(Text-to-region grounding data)
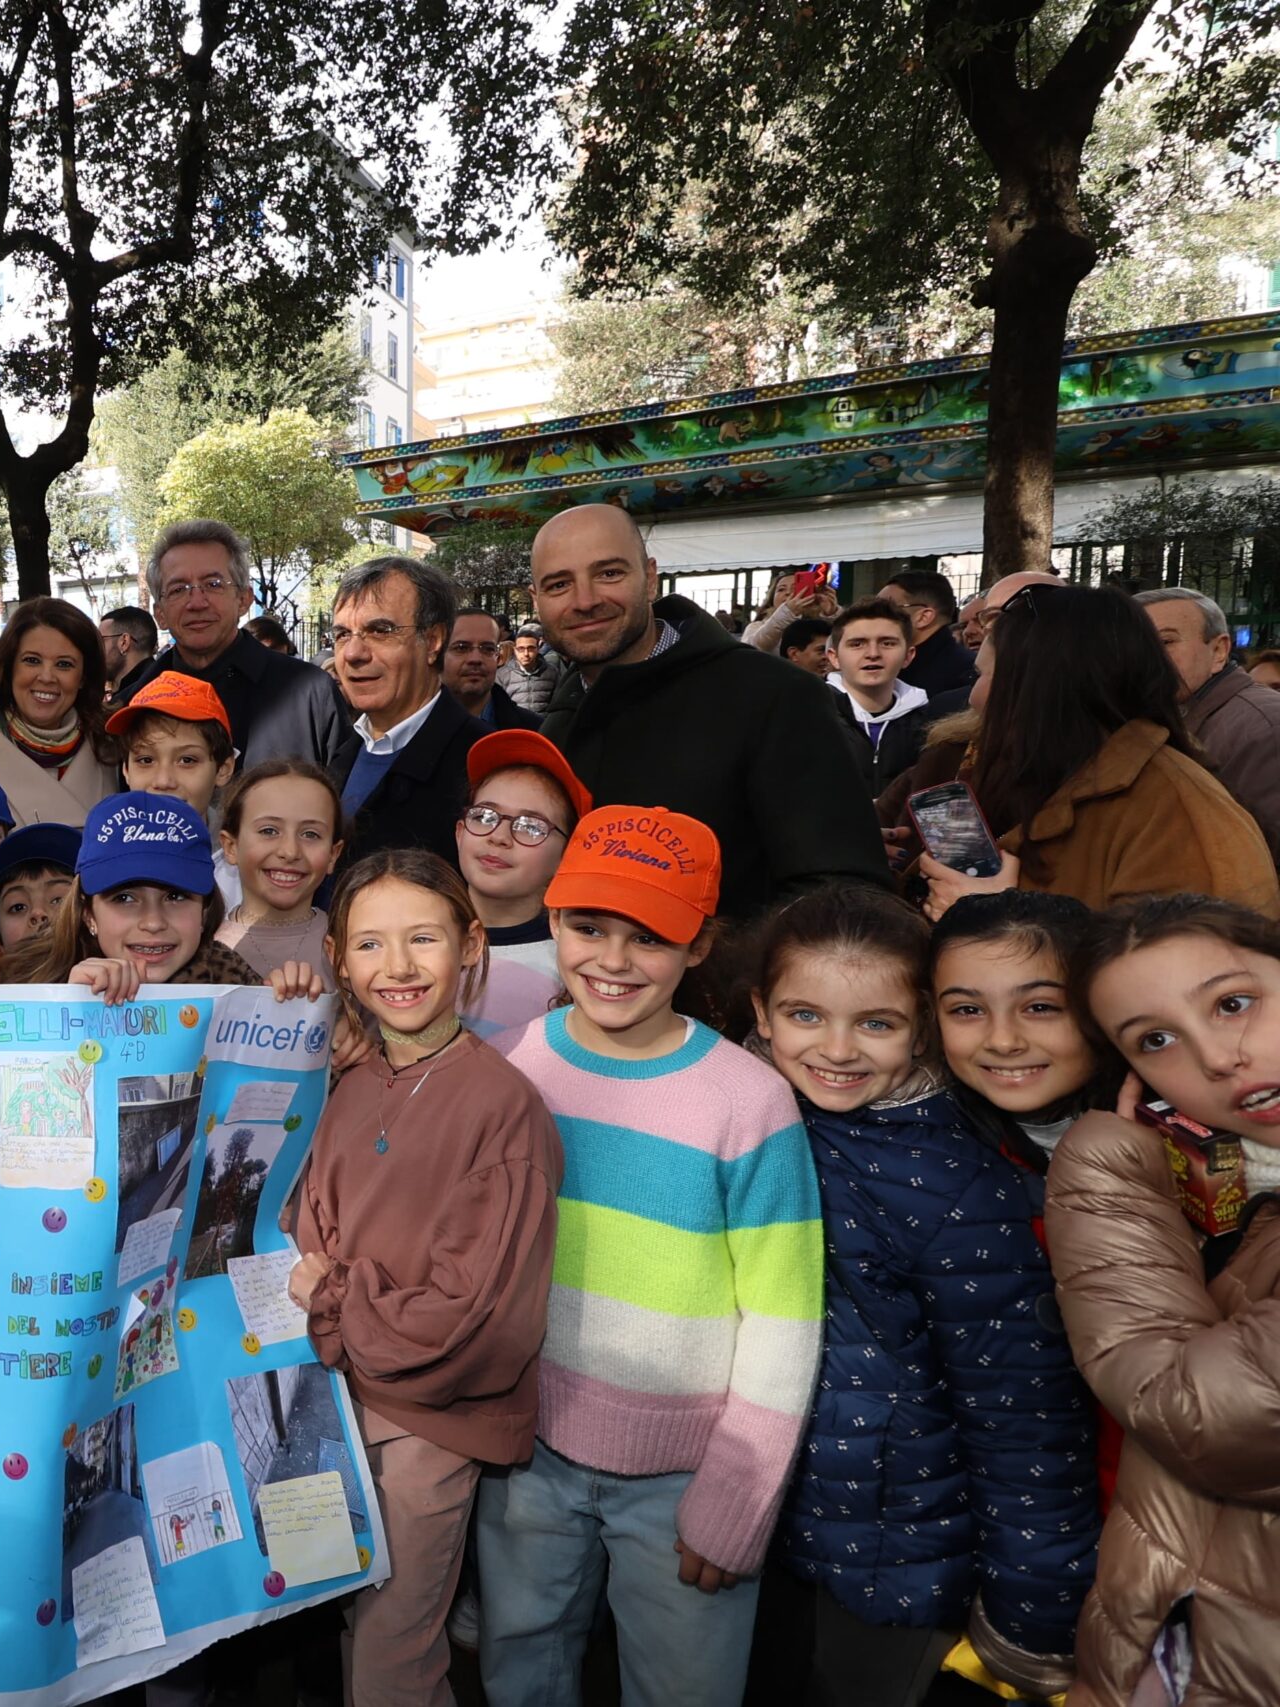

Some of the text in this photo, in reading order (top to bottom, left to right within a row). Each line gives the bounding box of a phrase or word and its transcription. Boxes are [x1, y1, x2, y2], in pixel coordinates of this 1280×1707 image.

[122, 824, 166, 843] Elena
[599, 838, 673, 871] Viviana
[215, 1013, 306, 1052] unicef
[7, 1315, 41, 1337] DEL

* [Problem description]
Write the entries above out again exactly, but not the pictures.

* [Reply to the task]
Some of the text in this photo, in reading order (top to bottom, left to right within a row). Each line gives the bounding box of a phrase or word and its transcription. Boxes are [x1, y1, x2, y2], in pixel coordinates of this 1280×1707 image.

[122, 824, 166, 843] Elena
[599, 838, 673, 871] Viviana
[215, 1013, 306, 1052] unicef
[7, 1315, 41, 1337] DEL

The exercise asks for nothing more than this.